Mal dá para ver o inimigo em minha frente, apenas vultos recuando ao longe. Alguns soldados ao meu lado caem mortos, ou por tiros, granadas ou qualquer outra coisa feita para los mata. Sinto uma explosão bem próxima de mim onde sou arremessado para trás. No chão uma dor sem igual toma o meu corpo. Tento levantar e minhas costelas doem. Acho que quebrei algumas delas. Quando finalmente consigo levantar já não estou no mesmo local.

Uma criança, um menino está no meu colo. Ele é loirinho com bochechas grandinhas, ele está de camisa amarela e sorri para mim. Seus olhos verdes brilham a cada palavra que sai da minha boca. Palavras essas francesas. Talvez seja a mesma pessoa. Pode ser que eu esteja contando como sobrevivi a guerra. Escuto uma voz feminina chamar ele. A mãe dele talvez? O menino sai de meu colo e vai para aonde a voz está o chamando. Pisco o olho e já não estou mais lá.

Estou na caverna novamente. Levanto-me do chão tentacular e sigo naquela escuridão onde só consigo enxergar algo quando o feixe de luz roxo passa novamente pelos tentáculos. Em um desses momentos coloco a mão na parede e espero a luz passar novamente, quando ela me atinge sou transportado.

Agora estou sentado em uma praça cheia de árvores e muito verde para todos os lados. As pessoas passam na minha frente. Algumas senhoras com seus cachorros, homens correndo com roupas de exercício, outros de terno e gravata e maletas pretas andando pelo local. Ao longe prédios altos completam a paisagem. Sinto uma sensação esquisita. Uma mulher ruiva de olhos verdes e óculos grandes para na minha frente. Ela é linda, dou um sorriso para ela, mas não recebo um sorriso de volta.

A mulher deve ser alguma secretária de alguma empresa ali por perto, ela está vestida toda socialmente, o seu cheiro é tão gostoso, um perfume suavemente doce. A pessoa que estou e ela começam a conversar. É inglês, eu entendo um pouco. A ruiva parece ser americana já o sotaque da casca que me encontro é bem europeu, lembra o britânico, não sei dizer ao certo, talvez holandês ou sueco, algo assim.

A mulher está terminando o relacionamento entre os dois. Sou tomado por uma tristeza profunda e uma vontade de gritar. Eles estão discutindo sobre ele não ter tempo para ela. Acredito que ele trabalha viajando. O interessante que estou no corpo dele, sinto o que ele está sentindo, mas não tenho as memórias dele. Que forma bizarra de ser um espectador.

Depois de tudo me sento novamente no banco da praça. As lágrimas enchem os meus olhos, por um instante fico ali até que em um enxugar de lágrimas mais demorado sou levado ao túnel novamente. Ando mais um pouco, nesse momento não está vindo nenhum pulsar até que depois de alguns minutos andando na escuridão me surpreendo com um pulsar que vem de baixo. É um buraco enorme, já estou com um pé na direção dele, me desequilibro e caio. Quantos metros eu desci pela escuridão tentacular? Não faço a mínima ideia.

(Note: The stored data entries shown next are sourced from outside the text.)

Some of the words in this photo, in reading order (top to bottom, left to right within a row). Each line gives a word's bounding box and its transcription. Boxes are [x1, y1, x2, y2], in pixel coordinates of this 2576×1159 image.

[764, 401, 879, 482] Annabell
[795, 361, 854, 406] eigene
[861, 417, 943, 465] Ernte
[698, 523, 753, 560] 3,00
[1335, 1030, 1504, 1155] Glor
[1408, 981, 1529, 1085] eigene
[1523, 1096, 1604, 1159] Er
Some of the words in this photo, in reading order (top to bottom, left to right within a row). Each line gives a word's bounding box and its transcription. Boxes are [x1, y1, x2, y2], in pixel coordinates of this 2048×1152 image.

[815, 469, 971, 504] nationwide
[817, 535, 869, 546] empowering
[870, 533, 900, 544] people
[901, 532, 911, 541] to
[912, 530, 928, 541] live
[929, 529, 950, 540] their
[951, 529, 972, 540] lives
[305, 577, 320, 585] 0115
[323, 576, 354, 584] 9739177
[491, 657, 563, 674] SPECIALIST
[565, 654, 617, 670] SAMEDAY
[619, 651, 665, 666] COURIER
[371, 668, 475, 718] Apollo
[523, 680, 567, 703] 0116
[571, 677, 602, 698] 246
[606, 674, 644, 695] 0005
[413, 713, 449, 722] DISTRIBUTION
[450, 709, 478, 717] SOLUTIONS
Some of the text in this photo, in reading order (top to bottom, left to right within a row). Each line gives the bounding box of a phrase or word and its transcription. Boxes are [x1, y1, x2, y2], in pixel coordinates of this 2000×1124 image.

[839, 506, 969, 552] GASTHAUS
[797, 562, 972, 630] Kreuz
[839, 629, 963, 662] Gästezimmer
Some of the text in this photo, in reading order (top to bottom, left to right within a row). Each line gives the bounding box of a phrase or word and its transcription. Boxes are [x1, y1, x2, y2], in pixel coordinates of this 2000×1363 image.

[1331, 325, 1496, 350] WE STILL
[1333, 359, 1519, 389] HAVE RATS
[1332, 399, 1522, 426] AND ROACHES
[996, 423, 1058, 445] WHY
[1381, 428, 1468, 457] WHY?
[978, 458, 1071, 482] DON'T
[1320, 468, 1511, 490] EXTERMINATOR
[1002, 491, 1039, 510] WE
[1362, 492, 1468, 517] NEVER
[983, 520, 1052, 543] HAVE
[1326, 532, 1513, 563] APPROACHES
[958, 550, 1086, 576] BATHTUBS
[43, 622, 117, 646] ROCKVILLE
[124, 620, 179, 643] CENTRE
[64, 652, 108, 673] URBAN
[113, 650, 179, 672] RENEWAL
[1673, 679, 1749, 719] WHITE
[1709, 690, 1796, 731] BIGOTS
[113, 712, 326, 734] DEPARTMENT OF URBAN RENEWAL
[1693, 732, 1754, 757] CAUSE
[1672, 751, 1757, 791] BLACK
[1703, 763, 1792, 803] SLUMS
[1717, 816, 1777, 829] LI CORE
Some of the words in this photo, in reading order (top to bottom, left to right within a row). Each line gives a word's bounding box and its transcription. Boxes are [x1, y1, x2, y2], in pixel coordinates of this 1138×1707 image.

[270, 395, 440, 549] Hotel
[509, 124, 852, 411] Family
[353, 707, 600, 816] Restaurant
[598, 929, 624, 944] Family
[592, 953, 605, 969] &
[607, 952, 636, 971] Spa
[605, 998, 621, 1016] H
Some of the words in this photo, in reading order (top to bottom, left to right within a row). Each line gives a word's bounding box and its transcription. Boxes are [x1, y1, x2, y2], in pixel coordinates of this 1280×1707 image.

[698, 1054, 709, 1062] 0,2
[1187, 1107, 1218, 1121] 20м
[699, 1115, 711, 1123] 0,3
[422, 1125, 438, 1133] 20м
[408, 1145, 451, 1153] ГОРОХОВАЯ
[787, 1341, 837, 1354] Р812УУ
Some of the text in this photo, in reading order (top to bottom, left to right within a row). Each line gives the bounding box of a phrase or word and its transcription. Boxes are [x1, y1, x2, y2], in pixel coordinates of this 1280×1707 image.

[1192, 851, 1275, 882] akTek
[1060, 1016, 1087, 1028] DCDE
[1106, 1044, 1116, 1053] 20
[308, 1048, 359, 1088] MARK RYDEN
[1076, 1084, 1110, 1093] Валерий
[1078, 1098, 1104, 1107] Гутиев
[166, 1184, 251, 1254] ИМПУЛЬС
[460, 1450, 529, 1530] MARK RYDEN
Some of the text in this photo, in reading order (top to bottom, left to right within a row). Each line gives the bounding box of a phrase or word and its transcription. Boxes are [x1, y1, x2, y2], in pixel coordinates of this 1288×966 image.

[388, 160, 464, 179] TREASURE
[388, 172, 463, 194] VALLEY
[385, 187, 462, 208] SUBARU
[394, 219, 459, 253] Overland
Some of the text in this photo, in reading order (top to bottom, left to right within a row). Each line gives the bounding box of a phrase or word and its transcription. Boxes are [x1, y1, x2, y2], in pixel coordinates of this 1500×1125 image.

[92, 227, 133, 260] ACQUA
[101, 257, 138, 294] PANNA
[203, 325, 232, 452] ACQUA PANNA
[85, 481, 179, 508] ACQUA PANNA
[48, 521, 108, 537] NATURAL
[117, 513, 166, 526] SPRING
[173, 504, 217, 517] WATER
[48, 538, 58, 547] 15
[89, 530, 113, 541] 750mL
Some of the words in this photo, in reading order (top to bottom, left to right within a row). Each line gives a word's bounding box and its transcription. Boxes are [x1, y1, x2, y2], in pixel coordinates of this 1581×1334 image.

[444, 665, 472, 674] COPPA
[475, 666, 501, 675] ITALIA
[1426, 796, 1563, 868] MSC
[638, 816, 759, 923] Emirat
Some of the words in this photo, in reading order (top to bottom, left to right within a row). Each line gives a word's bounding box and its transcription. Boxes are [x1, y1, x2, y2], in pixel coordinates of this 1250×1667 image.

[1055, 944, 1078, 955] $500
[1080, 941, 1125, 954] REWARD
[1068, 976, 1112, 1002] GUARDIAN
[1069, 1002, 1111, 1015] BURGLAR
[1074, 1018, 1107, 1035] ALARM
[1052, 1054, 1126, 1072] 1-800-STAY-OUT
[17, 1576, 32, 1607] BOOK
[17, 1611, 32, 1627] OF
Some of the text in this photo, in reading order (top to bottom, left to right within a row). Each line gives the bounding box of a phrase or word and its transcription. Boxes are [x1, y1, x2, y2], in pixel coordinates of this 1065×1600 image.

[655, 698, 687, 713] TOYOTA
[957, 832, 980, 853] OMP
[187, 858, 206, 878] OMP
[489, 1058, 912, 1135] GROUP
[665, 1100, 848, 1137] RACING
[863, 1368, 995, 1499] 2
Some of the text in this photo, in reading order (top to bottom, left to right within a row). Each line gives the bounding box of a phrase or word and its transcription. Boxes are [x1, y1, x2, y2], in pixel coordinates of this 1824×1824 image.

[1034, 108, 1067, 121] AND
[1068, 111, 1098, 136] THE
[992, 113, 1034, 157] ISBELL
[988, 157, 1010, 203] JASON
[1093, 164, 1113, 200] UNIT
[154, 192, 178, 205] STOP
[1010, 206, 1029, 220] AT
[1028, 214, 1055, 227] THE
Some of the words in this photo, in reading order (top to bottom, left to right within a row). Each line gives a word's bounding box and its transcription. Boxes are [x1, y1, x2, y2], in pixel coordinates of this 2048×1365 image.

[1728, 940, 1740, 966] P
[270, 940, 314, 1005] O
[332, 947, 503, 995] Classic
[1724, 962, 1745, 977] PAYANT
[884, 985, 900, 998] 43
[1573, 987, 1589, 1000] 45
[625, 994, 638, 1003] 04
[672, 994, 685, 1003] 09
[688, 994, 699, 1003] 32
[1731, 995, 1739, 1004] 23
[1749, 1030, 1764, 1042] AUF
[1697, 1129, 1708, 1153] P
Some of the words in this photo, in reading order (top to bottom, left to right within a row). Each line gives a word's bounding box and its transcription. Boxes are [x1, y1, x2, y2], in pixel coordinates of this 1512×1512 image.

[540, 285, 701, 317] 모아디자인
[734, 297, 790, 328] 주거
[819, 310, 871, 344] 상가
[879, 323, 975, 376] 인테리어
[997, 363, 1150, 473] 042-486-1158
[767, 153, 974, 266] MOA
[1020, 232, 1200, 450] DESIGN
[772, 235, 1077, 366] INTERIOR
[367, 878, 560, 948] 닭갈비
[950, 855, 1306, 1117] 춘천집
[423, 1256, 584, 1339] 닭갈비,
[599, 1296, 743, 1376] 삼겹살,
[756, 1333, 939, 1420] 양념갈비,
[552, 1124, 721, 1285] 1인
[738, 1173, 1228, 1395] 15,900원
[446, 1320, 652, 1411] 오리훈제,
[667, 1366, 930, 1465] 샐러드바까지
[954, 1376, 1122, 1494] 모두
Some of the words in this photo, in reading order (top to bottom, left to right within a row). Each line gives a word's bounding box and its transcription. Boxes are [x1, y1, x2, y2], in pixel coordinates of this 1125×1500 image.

Passei alguns segundos caindo e quando toquei o chão foi a primeira vez que duvidei que tudo isso que estou vivenciando é algo real. Não senti nada na queda. Estou muito confuso. Se estou no controle e não é real e nem é um sonho, onde estou realmente? Uma dimensão obscura onde a lógica não funciona?

Levanto-me e quando ergo a vista um novo pulso de luz passa por mim. Estou me vendo? Estou deitado me vendo ao meu lado. A parede do teto é branca com uma luz apagada em cima de mim. O meu eu pega em minha mão. Não acredito!

— Obrigado jovem por estar aqui, mas quem é você? 

O meu eu começa a chorar e fala:

— Sou eu pai, por favor não esquece de mim.

Eu choro dentro de meu pai. Ele está se sentindo confuso, perdido. O meu eu mostra uma foto dos dois no celular. Meu pai é tomado por uma tristeza profunda enquanto o meu eu explica-lhe o que está acontecendo. Depois de várias fotos ele me pede para sair.

Já estou novamente no chão nojento dessa dimensão do inferno. Meu pai morreu algumas horas depois daquele ocorrido naquela lembrança. Ele morreu segurando a minha mão olhando-me com uma cara de tristeza e confusão que eu nunca vi, nem mesmo nos filmes mais trágicos. Talvez ele estava lutando com todas as forças para se lembrar, mas a frustração deixava ele cada vez mais perto da morte.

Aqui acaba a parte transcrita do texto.